**MATERIAL FOR THE TASK:**
*** Block opens ***

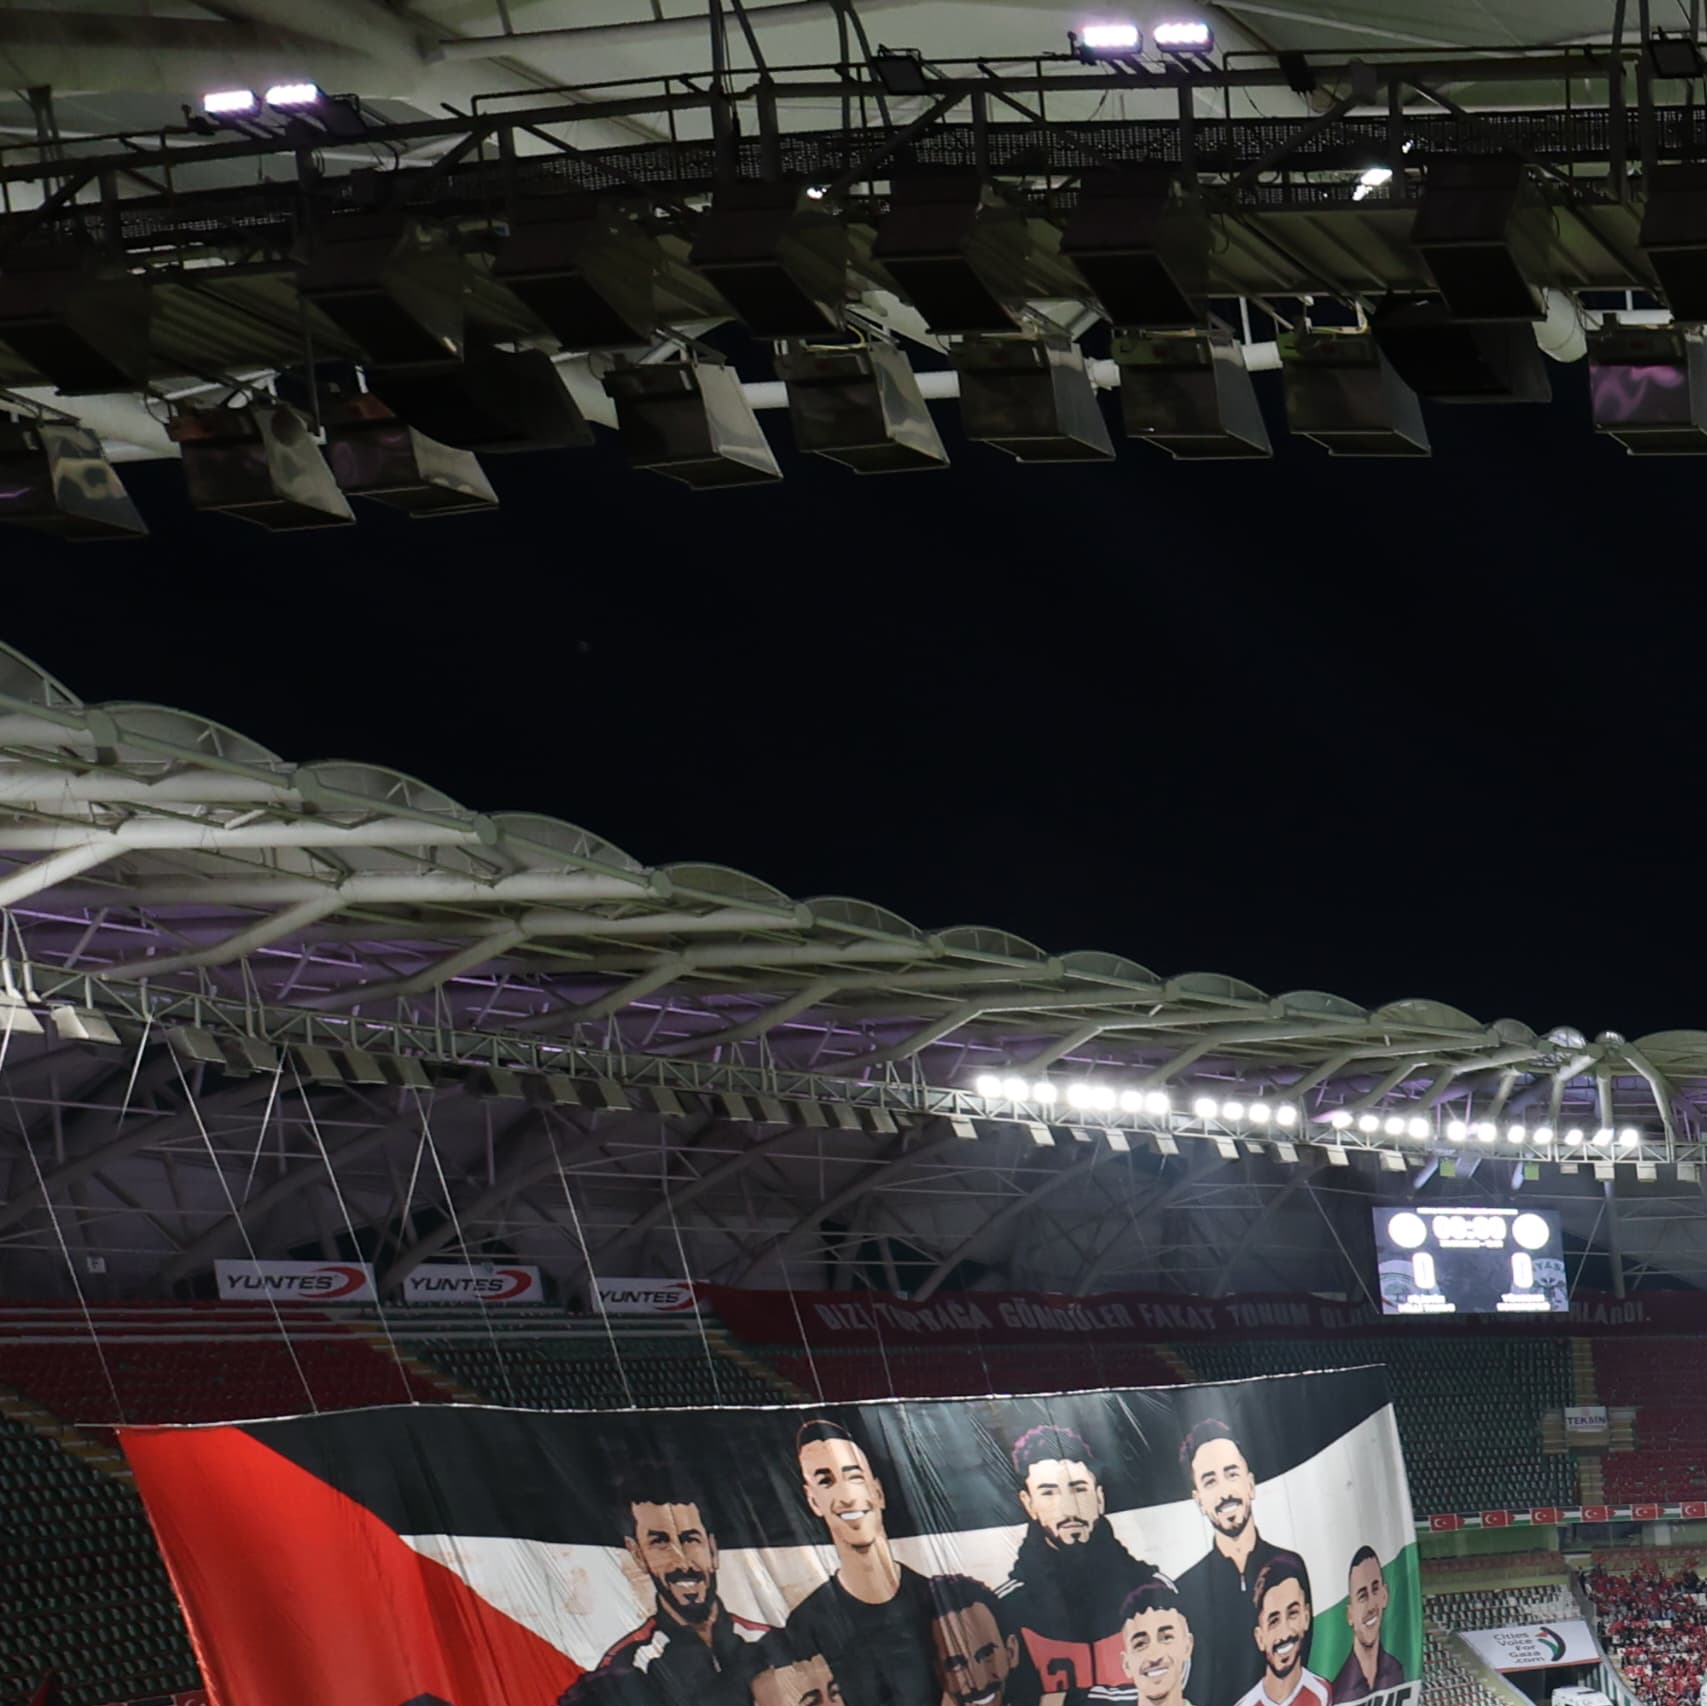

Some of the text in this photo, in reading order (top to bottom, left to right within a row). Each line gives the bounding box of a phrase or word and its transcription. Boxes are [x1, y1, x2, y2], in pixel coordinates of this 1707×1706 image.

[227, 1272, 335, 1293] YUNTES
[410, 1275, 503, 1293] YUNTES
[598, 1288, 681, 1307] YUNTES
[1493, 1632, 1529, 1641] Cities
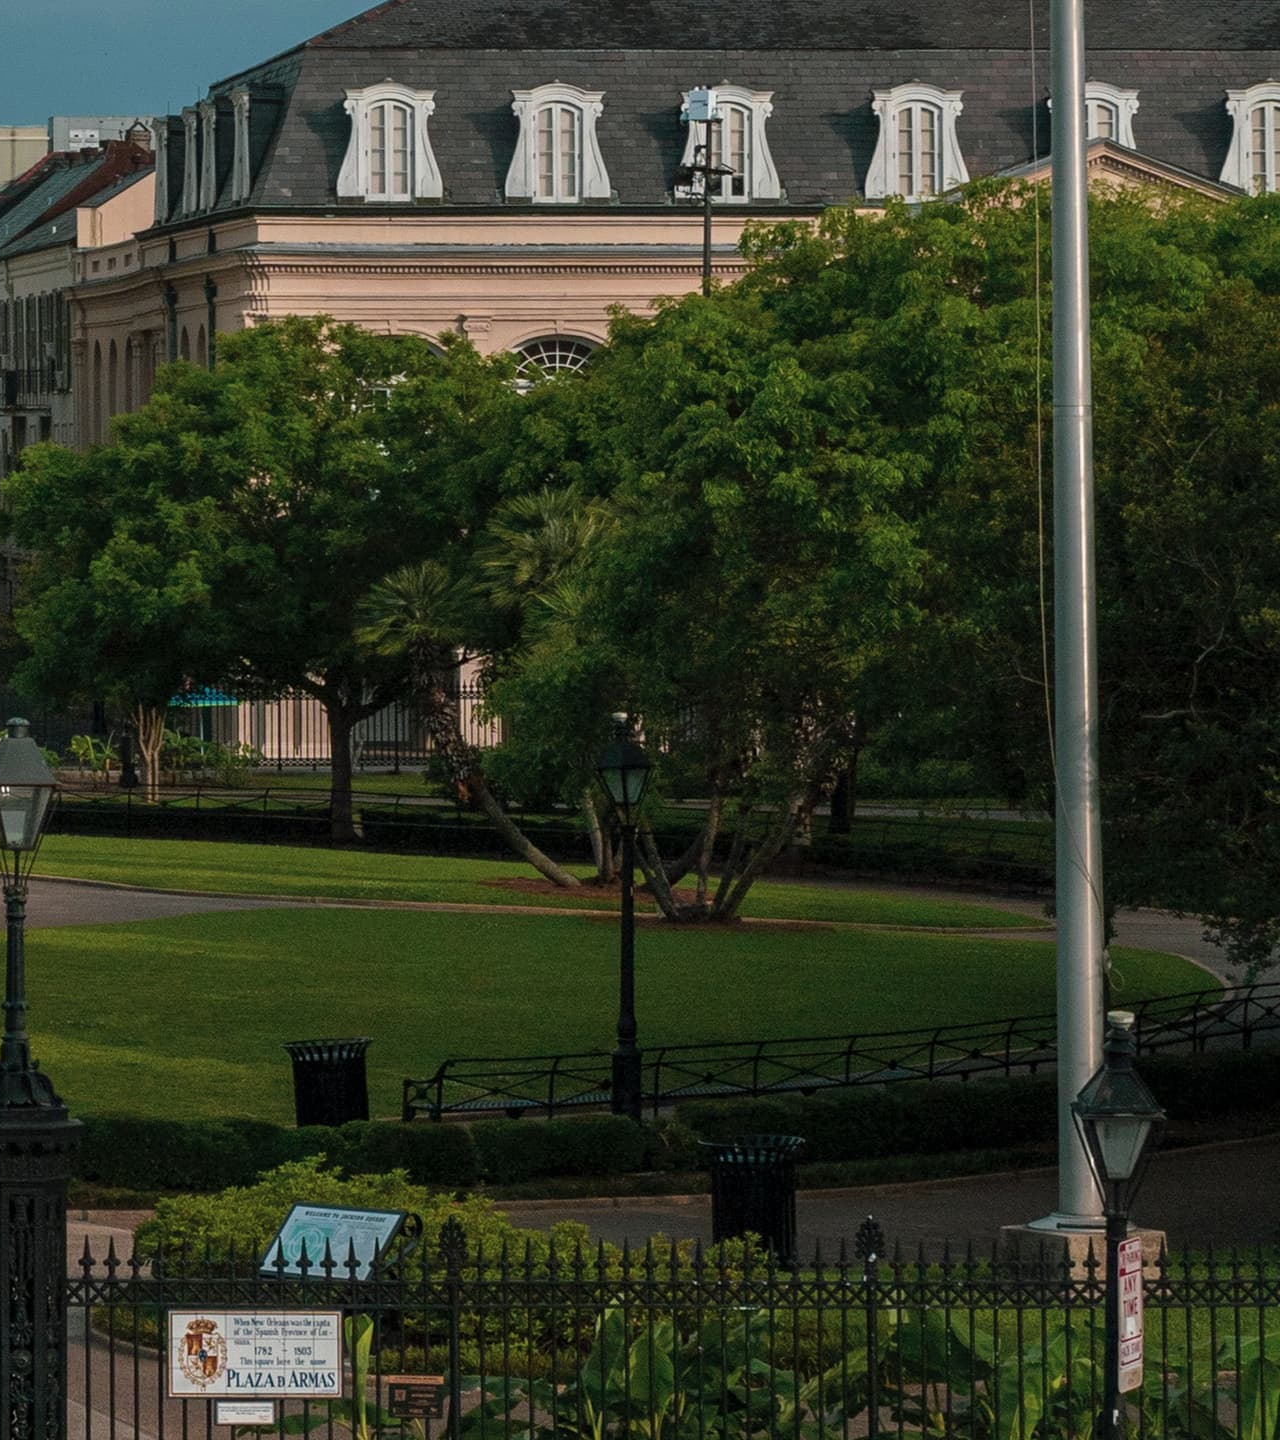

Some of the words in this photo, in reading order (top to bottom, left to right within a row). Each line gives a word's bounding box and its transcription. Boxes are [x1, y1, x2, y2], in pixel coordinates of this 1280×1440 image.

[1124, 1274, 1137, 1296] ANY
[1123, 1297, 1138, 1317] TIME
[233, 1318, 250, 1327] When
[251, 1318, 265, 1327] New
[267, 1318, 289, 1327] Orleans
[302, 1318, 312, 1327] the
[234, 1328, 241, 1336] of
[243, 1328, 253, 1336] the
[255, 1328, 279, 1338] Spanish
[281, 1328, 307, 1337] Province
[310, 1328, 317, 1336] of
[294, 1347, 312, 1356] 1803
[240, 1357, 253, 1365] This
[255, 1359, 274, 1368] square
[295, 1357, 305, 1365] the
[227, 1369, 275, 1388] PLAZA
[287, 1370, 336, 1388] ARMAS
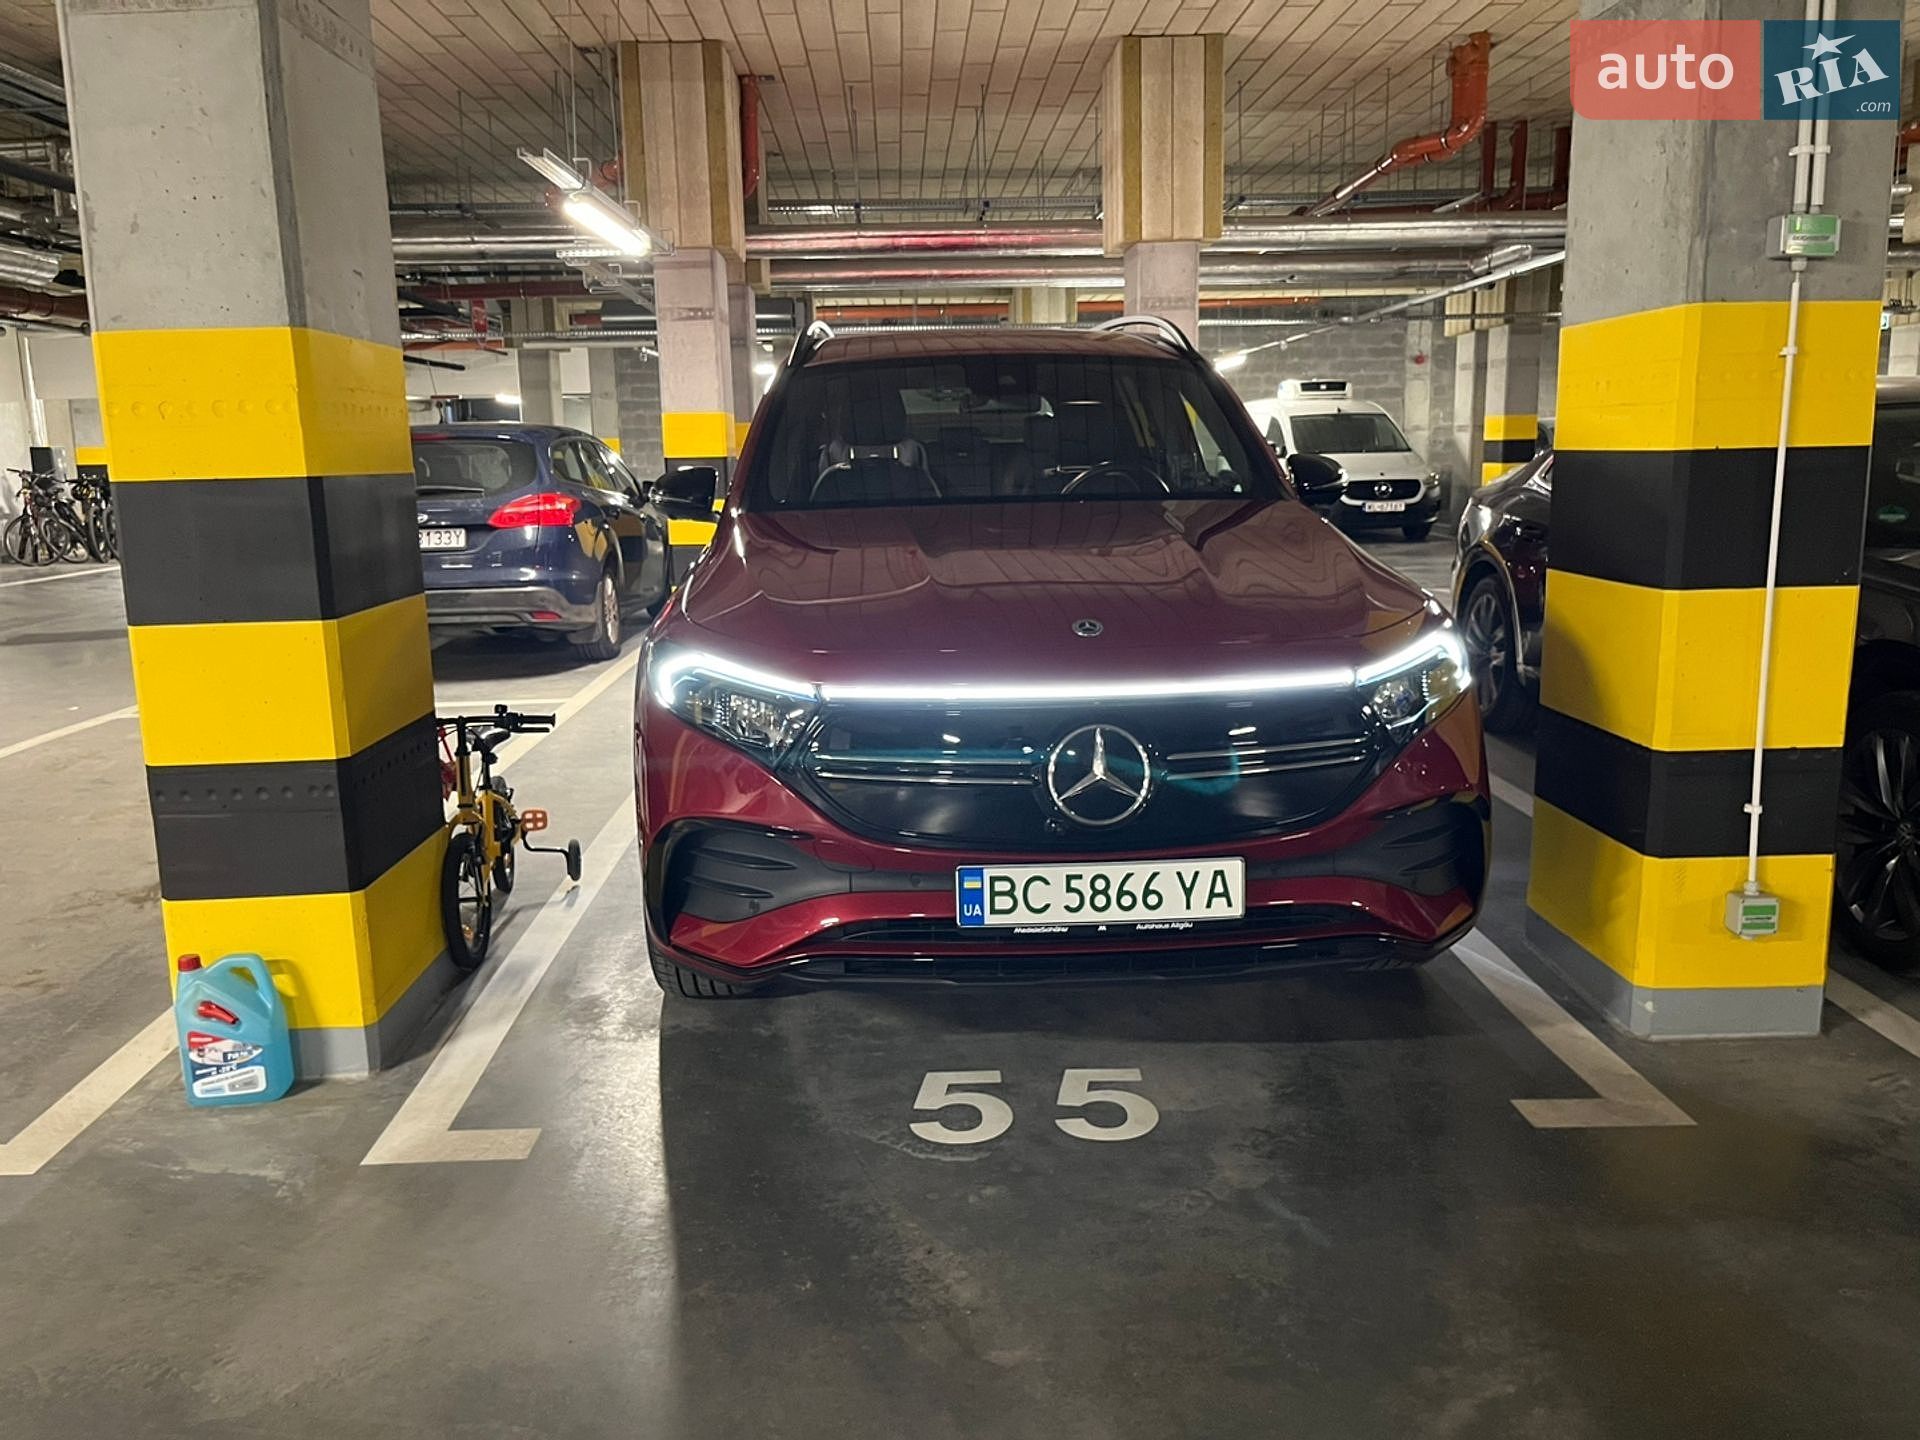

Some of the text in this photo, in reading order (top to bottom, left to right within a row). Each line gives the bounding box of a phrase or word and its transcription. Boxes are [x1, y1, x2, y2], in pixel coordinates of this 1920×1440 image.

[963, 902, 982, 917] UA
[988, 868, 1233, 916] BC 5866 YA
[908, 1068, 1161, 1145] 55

*** Block closes ***

**WORK TASK:** Retype the material above exactly, images excluded.

**RESPONSE TO THE EXERCISE:**
Some of the text in this photo, in reading order (top to bottom, left to right within a row). Each line gives the bounding box of a phrase or word and its transcription. Boxes are [x1, y1, x2, y2], in pixel coordinates of this 1707×1706 image.

[227, 1272, 335, 1293] YUNTES
[410, 1275, 503, 1293] YUNTES
[598, 1288, 681, 1307] YUNTES
[1493, 1632, 1529, 1641] Cities

Some of the words in this photo, in reading order (top to bottom, left to right within a row). Each line gives a word's bounding box and its transcription. Boxes are [x1, y1, x2, y2], in pixel coordinates of this 1280×1440 image.

[1124, 1274, 1137, 1296] ANY
[1123, 1297, 1138, 1317] TIME
[233, 1318, 250, 1327] When
[251, 1318, 265, 1327] New
[267, 1318, 289, 1327] Orleans
[302, 1318, 312, 1327] the
[234, 1328, 241, 1336] of
[243, 1328, 253, 1336] the
[255, 1328, 279, 1338] Spanish
[281, 1328, 307, 1337] Province
[310, 1328, 317, 1336] of
[294, 1347, 312, 1356] 1803
[240, 1357, 253, 1365] This
[255, 1359, 274, 1368] square
[295, 1357, 305, 1365] the
[227, 1369, 275, 1388] PLAZA
[287, 1370, 336, 1388] ARMAS

Some of the text in this photo, in reading order (top to bottom, left to right within a row). Each line gives the bounding box of a phrase or word and its transcription. Boxes are [x1, y1, x2, y2], in pixel coordinates of this 1920×1440 image.

[963, 902, 982, 917] UA
[988, 868, 1233, 916] BC 5866 YA
[908, 1068, 1161, 1145] 55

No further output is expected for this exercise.